:: SUPPLIED RECORDS ::
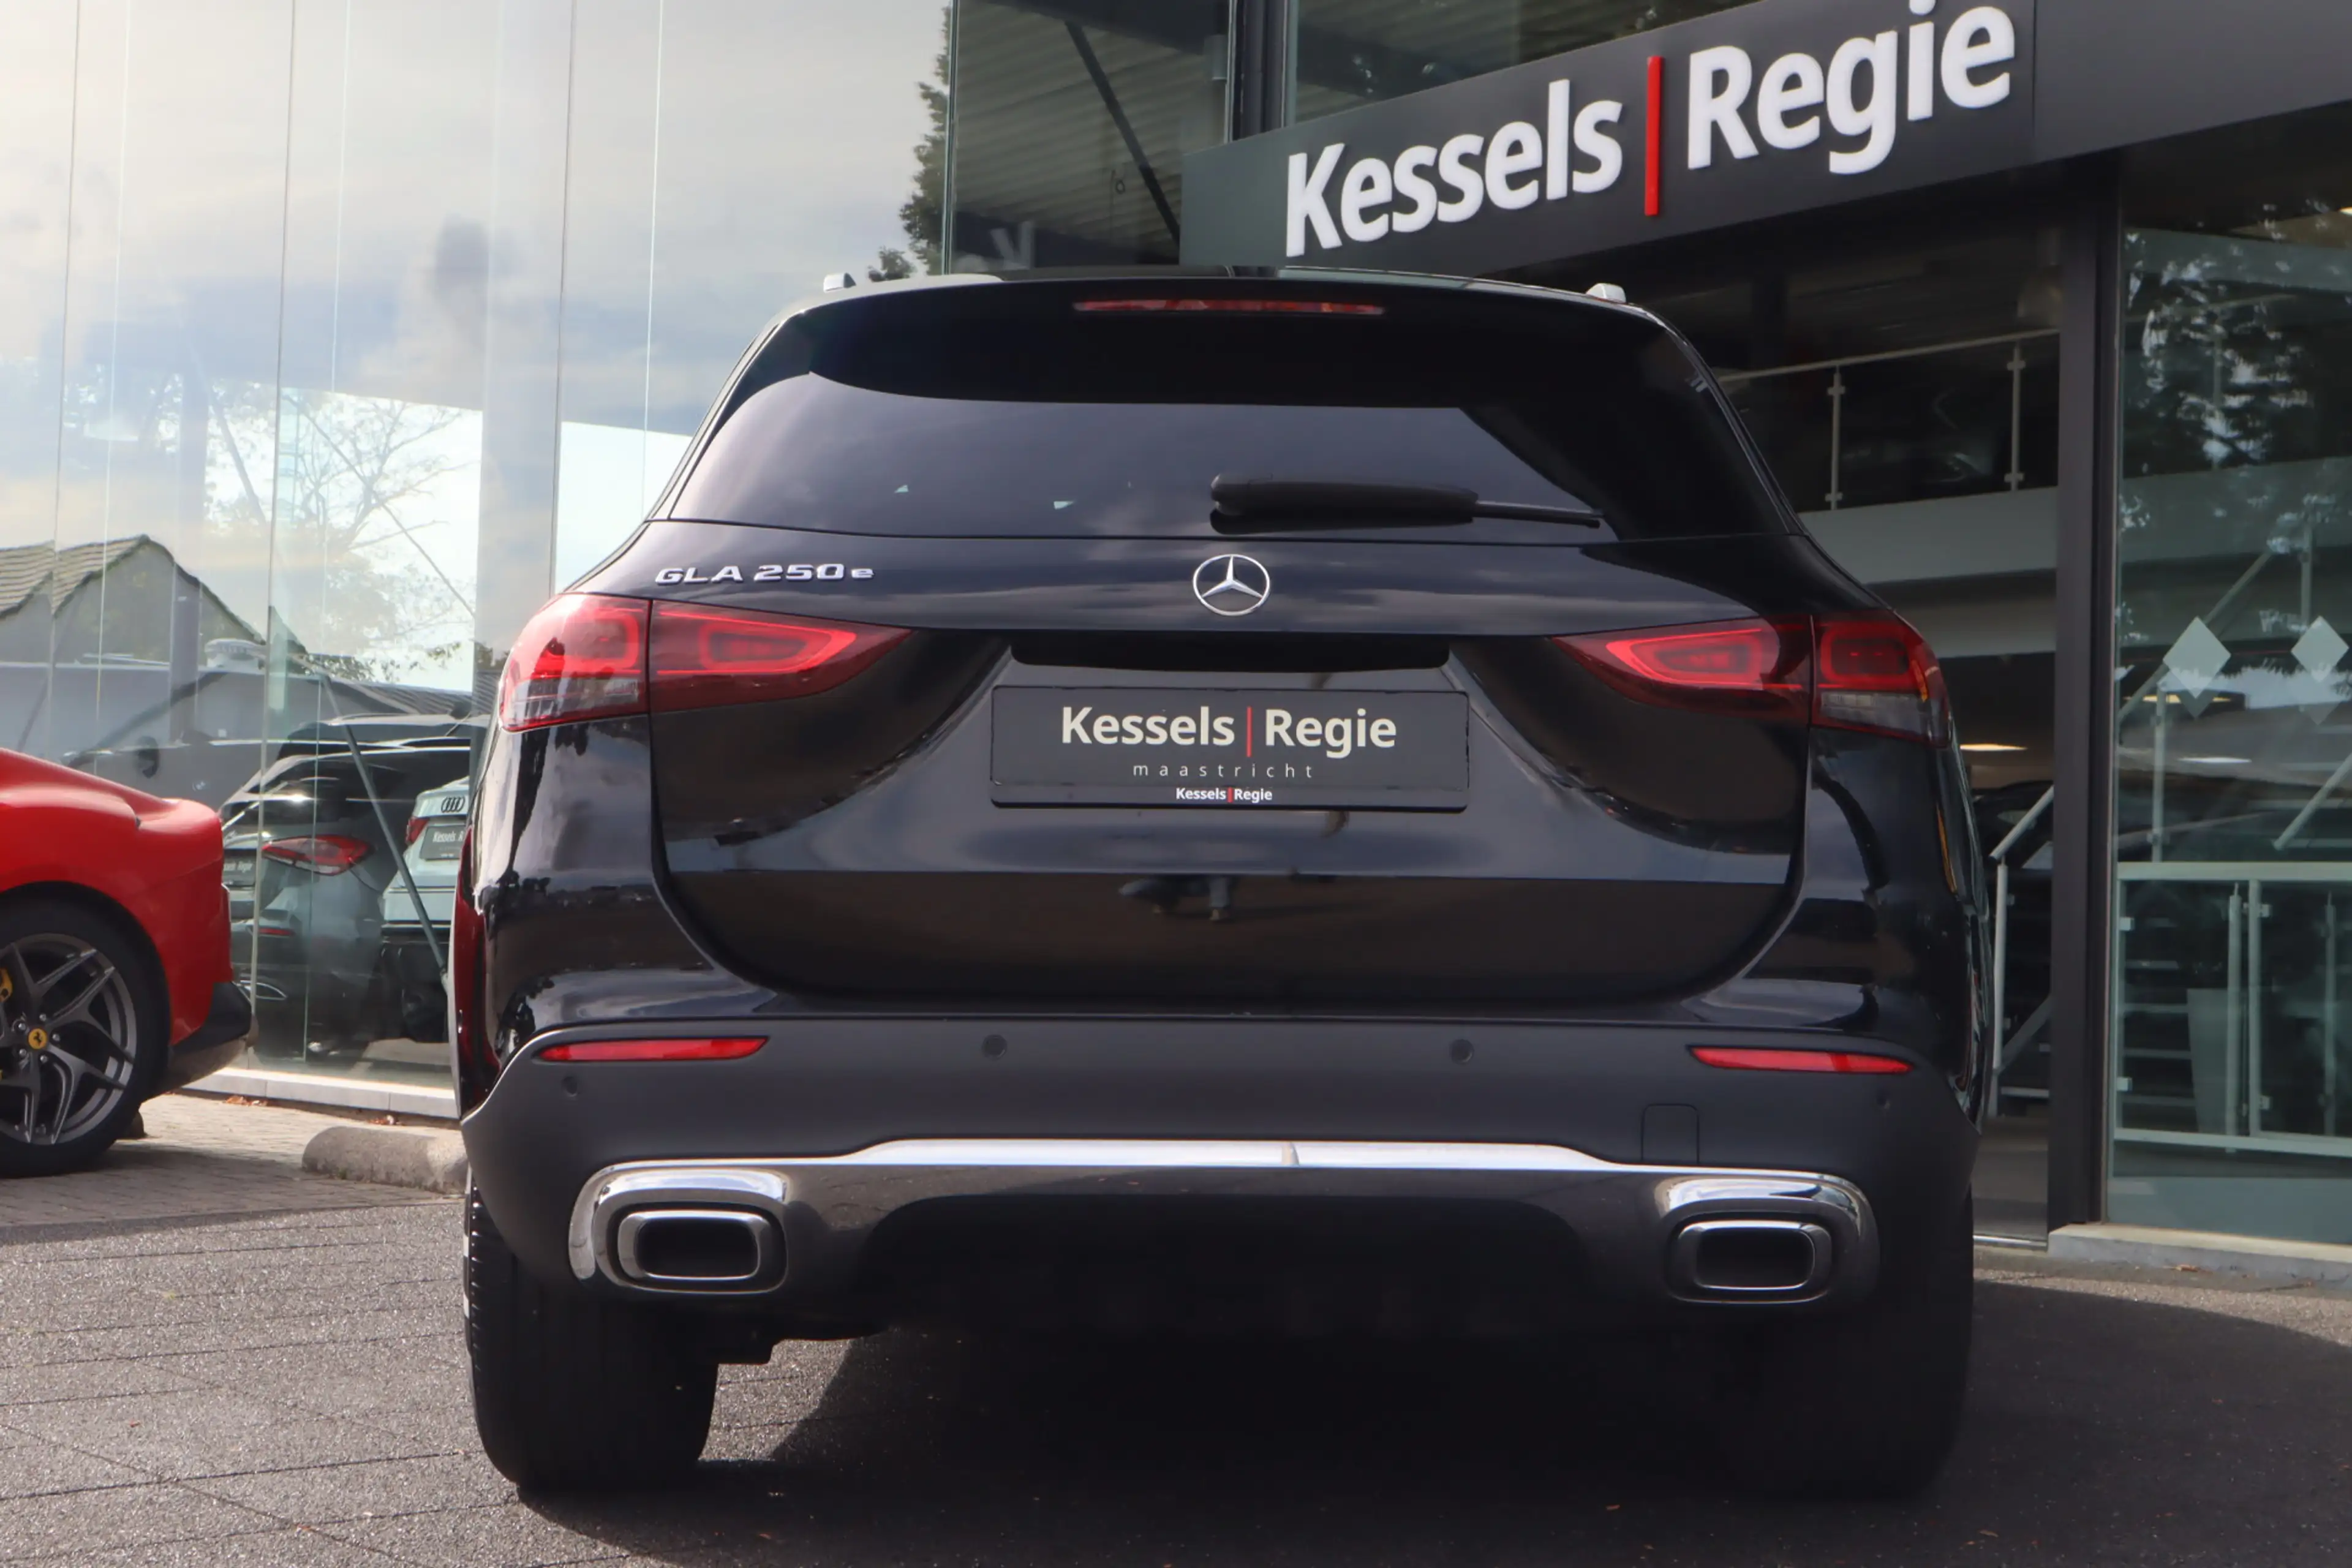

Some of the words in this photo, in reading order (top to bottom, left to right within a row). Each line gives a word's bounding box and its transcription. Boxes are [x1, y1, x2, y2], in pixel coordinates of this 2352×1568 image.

[1286, 78, 1623, 257] Kessels
[1688, 0, 2015, 175] Regie
[655, 565, 744, 585] GLA
[1062, 706, 1235, 746] Kessels
[1265, 707, 1397, 759] Regie
[1133, 763, 1313, 778] maastricht
[1175, 787, 1227, 800] Kessels
[1234, 788, 1273, 803] Regie
:::
• EXERCISE:
Without the pictures, return all the entries above exactly as they stand.

• ANSWER TO THIS TASK:
Some of the words in this photo, in reading order (top to bottom, left to right within a row). Each line gives a word's bounding box and its transcription. Boxes are [x1, y1, x2, y2], in pixel coordinates of this 2352×1568 image.

[1286, 78, 1623, 257] Kessels
[1688, 0, 2015, 175] Regie
[655, 565, 744, 585] GLA
[1062, 706, 1235, 746] Kessels
[1265, 707, 1397, 759] Regie
[1133, 763, 1313, 778] maastricht
[1175, 787, 1227, 800] Kessels
[1234, 788, 1273, 803] Regie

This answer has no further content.